When used with reference to a condominium, a unit is that part of a condominium which is not part of the common area and is owned separately and not in common with the owners of other units in the project. When used in reference to a planned unit development the unit is the separate lot or parcel containing a house or other building.

U

Variable Interest Rate

An interest rate that fluctuates with the current cost of money, subject to adjustment if the prevailing rate moves up or down.

V

Vendor

The seller under a sale contract of real estate.

V

Vendor's Lien

An implied lien given by law to the vendor for the remaining unpaid and unsecured part of a purchase price.

V

Venue

(1) The county in which a lawsuit is brought or tried. (2) The county in which an acknowledgment is taken.

V

Vest

To give an immediate, fixed right in property, with either present or future enjoyment of possession; also denotes the manner in which title is held.

V

Void

Binding on no-one, constituting a nullity. Something which is conclusively of no effect, the defect of which is not subject to being waived, revitalized or cured by confirmation or ratification.

V

Voluntary Lien

A lien intentionally created by a debtor, e.g., mortgage or deed of trust, as contrasted with a judgment lien, which is an involuntary lien.

V

Waiver

The voluntary and intentional relinquishment of a known right, claim, or privilege.

W

Warehousing

In title industry parlance, the temporary funding and holding by a lending institution of mortgages originated by a mortgage broker, until such time as the mortgage market improves or until the mortgage broker accumulates a sufficient amount of mortgages to sell to a permanent mortgage purchaser.

W

Warranty

In a broad sense, it is an agreement or undertaking by a seller to be responsible for present or future losses of the purchaser occasioned by deficiency or defect in quality, condition, or quantity of the thing sold.
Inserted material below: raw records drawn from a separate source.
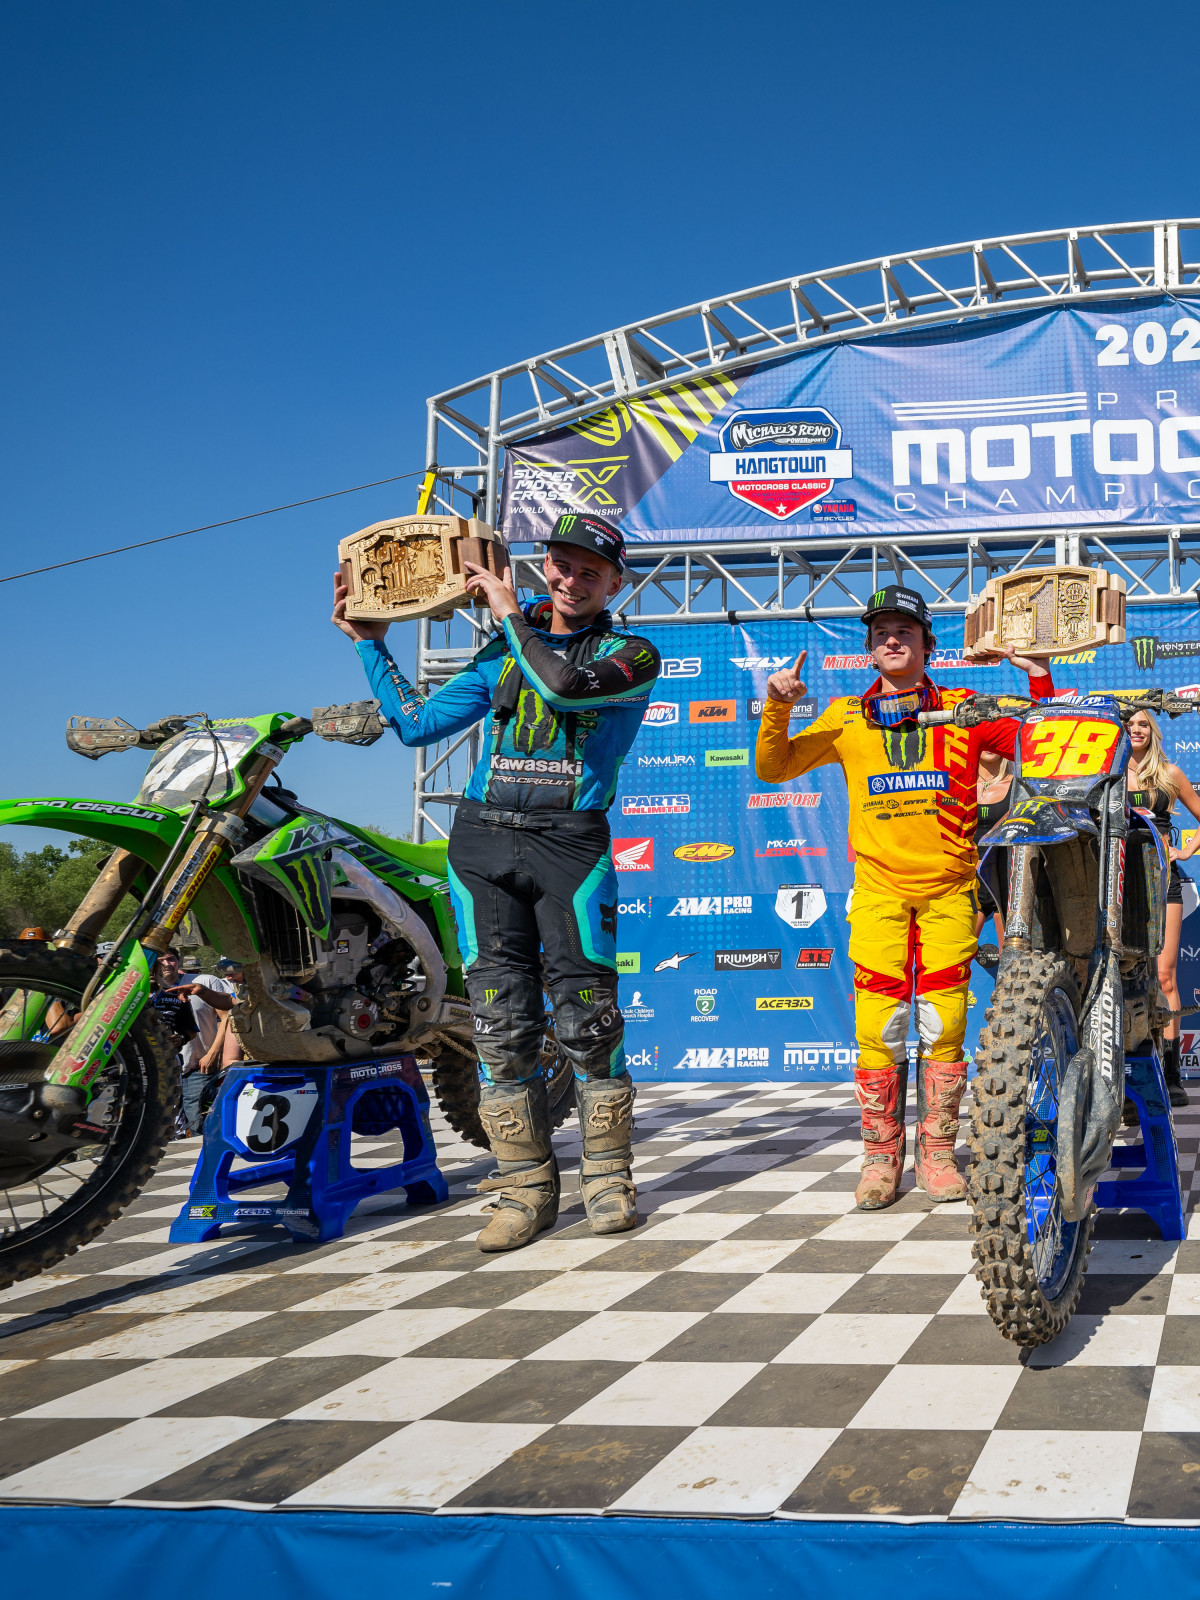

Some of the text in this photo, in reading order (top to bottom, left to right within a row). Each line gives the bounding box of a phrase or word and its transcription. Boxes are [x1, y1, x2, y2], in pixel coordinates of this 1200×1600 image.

[798, 425, 831, 437] RENO
[735, 456, 827, 475] HANGTOWN
[512, 469, 577, 482] SUPER
[515, 479, 573, 491] MOTO
[737, 482, 827, 491] MOTOCROSS CLASSIC
[510, 490, 573, 501] CROSS
[822, 504, 855, 513] YAMAHA
[400, 524, 434, 535] 2024
[644, 707, 674, 720] 100%
[698, 705, 729, 718] KTM
[1021, 720, 1121, 779] 38
[638, 753, 695, 764] NAMURA
[709, 753, 744, 763] Kawasaki
[490, 754, 583, 776] Kawasaki
[492, 775, 575, 786] PRO CIRCUIT
[885, 774, 945, 790] YAMAHA
[623, 795, 690, 807] PARTS
[70, 802, 168, 822] CIRCUIT
[622, 804, 690, 815] UNLIMITED
[675, 846, 735, 860] FMF
[186, 850, 218, 900] SHOWA
[667, 896, 722, 916] AMA
[723, 895, 752, 907] PRO
[723, 906, 752, 914] RACING
[716, 952, 767, 965] TRIUMPH
[799, 950, 831, 963] ETS
[100, 970, 141, 1024] BRAKING
[118, 990, 145, 1031] PISTONS
[701, 1000, 709, 1011] 2
[758, 999, 812, 1009] ACERBIS
[1101, 977, 1115, 1081] DUNLOP
[673, 1047, 735, 1069] AMA
[737, 1047, 769, 1059] PRO
[737, 1059, 769, 1068] RACING
[350, 1063, 403, 1079] MOTOCROSS
[246, 1095, 291, 1153] 3
[1032, 1129, 1049, 1142] 38
In a stricter sense, it is the provision or provisions in a deed, lease, or other instrument conveying or transferring an estate or interest in real estate under which the seller becomes liable to the purchaser for defects in or encumbrances on the title. (See "Title Covenants.")

W

Warranty Deed

A deed containing one or more title covenants. (See "Title Covenants.")

W

Waste

(1) The destruction or injury to premises by a tenant. (2) The impairment in value by a life tenant or by a mortgagor.

W

Will

(1) An instrument executed by a competent person, in the manner prescribed by law, whereby he makes disposition of his property to take effect on and after his death. (2) A holographic will is a will entirely written and signed by the testator in his own handwriting. In some states some of the legal requirements regarding the execution of wills do not apply in the case of holographic wills. (3) A nuncupative will is one made orally before witnesses, usually during the testator's last hours of life. Under English law, sailors and soldiers may make nuncupative wills any time during their military service.

W

Wrap-around Mortgage

A method of financing in which a second lender assumes payment of the present mortgage and gives the mortgagor an increased mortgage at a higher interest rate.

W

Writ

A formal legal document issued by a court ordering or prohibiting the performance of some action. There are at least a hundred deferent kinds of writs each covering a different action or subject. In most writs an officer of the court, such as the sheriff, is directed to serve the writ or carry out its directions.

W

Writ Of Execution

A direct command from the court to the sheriff to carry out the action required in the writ. It may be to hang a convicted criminal, or to seize property and sell it to pay a money judgment.

W

Yield

Ratio of income from an investment to the total cost of the investment over a given period of time.

Y

Zoning Ordinances

Laws passed by local governments regulating the size, type, structure, nature and use of buildings. Zoning ordinances, often referred to as zoning laws and zoning regulations, are divided into two classes: (1) those which regulate the height or bulk of buildings within certain designated zones or districts - in other words, those which relate to structural and architectural design, and (2) those which prescribe the type of buildings which may be constructed, and the use to which buildings within certain designated zones or districts may be put.